I could see that she was disappointed, even though she managed to put on a brave face.
“I need you to stay here as a decoy,” I whispered. “When they see you leaning against the greenhouse, they’ll think I’m still in bed.”
Gladys brightened considerably at the thought of a conspiracy.
“If I look sharp, I can hare it cross-country and catch the first bus for Hinley this side of Oakshott Hill.”
At the corner of the garden, I turned, and mouthed the words, “Don’t do anything I wouldn’t do,” and Gladys signaled that she wouldn’t.
I was off like a shot.
Mist hung in the fields as I flew across the plowed furrows, bounding gracefully from clod to clod. By catching the bus on a country road, I wouldn’t be seen by anyone except those passengers who were already on board, none of whom would pose much risk of reporting me to Father, since they were all heading for destinations away from Bishop’s Lacey.
Just as I climbed over the last fence, the Cottesmore bus hove into view, clattering and flapping its wings like a large, disheveled bird as it came jolting towards me along the lane.
It stopped with a rusty sigh, and a tendril of steam drifted up from its nickel radiator cap.
“Board!” said Ernie, the driver. “Step up. Step up. Mind your feet.”
I handed him my fare and slipped into a seat three rows from the front. As I had suspected, there were few other riders at this time of day: a pair of elderly women who huddled together at the rear, too much in the grip of their own gossip to pay me the slightest bit of attention, and a farm worker in overalls with a hoe, who stared sadly out of the window at the darkly misty fields. Sunrise would not be for another quarter of an hour.
The hospital at Hinley stood at the end of a steep street that rose up precariously from behind the market square, its windows staring down glumly onto the black cobbles, which were still wet from the night’s rain. Behind the high wrought-iron gate, a porter’s lodge bore a sign written in no-nonsense letters: All Visitors Please Report.

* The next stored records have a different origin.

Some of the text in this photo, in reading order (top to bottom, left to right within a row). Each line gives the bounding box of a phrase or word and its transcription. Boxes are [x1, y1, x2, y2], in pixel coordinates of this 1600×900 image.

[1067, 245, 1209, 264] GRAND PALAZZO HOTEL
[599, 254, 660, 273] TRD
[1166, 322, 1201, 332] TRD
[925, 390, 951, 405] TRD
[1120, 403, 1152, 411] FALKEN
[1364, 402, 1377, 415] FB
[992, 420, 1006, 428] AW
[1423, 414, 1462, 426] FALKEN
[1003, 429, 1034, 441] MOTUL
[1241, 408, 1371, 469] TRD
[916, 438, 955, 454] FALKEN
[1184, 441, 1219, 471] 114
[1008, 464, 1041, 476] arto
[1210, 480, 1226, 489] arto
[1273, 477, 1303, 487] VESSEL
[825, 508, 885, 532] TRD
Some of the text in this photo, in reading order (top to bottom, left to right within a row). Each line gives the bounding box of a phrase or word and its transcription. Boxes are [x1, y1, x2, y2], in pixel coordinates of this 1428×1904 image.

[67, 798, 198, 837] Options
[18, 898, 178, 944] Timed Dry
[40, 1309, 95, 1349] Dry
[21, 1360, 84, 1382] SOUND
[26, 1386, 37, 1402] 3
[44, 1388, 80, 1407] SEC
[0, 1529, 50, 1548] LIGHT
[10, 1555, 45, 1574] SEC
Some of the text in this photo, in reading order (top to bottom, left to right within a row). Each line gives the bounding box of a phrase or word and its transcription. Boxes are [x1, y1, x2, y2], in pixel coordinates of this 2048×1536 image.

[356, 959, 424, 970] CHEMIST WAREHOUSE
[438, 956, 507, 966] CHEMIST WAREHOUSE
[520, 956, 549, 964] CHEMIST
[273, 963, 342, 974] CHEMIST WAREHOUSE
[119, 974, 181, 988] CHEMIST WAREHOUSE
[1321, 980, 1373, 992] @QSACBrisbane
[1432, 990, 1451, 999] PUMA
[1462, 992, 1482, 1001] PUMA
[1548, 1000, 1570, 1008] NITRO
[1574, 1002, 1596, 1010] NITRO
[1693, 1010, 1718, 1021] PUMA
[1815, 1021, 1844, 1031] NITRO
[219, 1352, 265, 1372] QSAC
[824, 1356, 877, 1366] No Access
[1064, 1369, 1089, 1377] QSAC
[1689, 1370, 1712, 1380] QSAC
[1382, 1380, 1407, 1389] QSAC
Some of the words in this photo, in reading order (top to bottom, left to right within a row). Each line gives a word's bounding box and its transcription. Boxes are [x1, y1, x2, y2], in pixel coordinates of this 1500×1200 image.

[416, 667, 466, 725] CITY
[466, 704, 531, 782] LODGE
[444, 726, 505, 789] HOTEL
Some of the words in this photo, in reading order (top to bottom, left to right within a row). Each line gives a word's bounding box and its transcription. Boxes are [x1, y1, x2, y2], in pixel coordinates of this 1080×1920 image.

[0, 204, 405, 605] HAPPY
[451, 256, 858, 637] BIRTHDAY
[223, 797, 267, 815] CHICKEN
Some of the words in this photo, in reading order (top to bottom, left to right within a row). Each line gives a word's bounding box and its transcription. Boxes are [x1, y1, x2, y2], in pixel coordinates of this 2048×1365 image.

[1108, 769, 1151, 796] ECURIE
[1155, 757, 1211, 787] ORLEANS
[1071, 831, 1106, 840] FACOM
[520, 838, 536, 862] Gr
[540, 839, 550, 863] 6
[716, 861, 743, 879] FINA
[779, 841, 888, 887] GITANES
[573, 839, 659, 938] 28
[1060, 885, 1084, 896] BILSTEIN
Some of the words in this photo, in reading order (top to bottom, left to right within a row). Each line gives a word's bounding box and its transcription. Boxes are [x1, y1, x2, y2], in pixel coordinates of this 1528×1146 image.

Don’t loiter, something told me, and I took its advice.
To the left, an archway of stained stone led to a narrow passage in which a couple of square gas lamps flickered with a sickly light.
Hearses Only, it said on a discreet plaque, and I knew I was on the right track.
In spite of my trying to walk in silence, my footsteps echoed from the wet cobbles and the seeping brick walls. At its far end, I could see that the passage opened into a small courtyard. I paused to listen.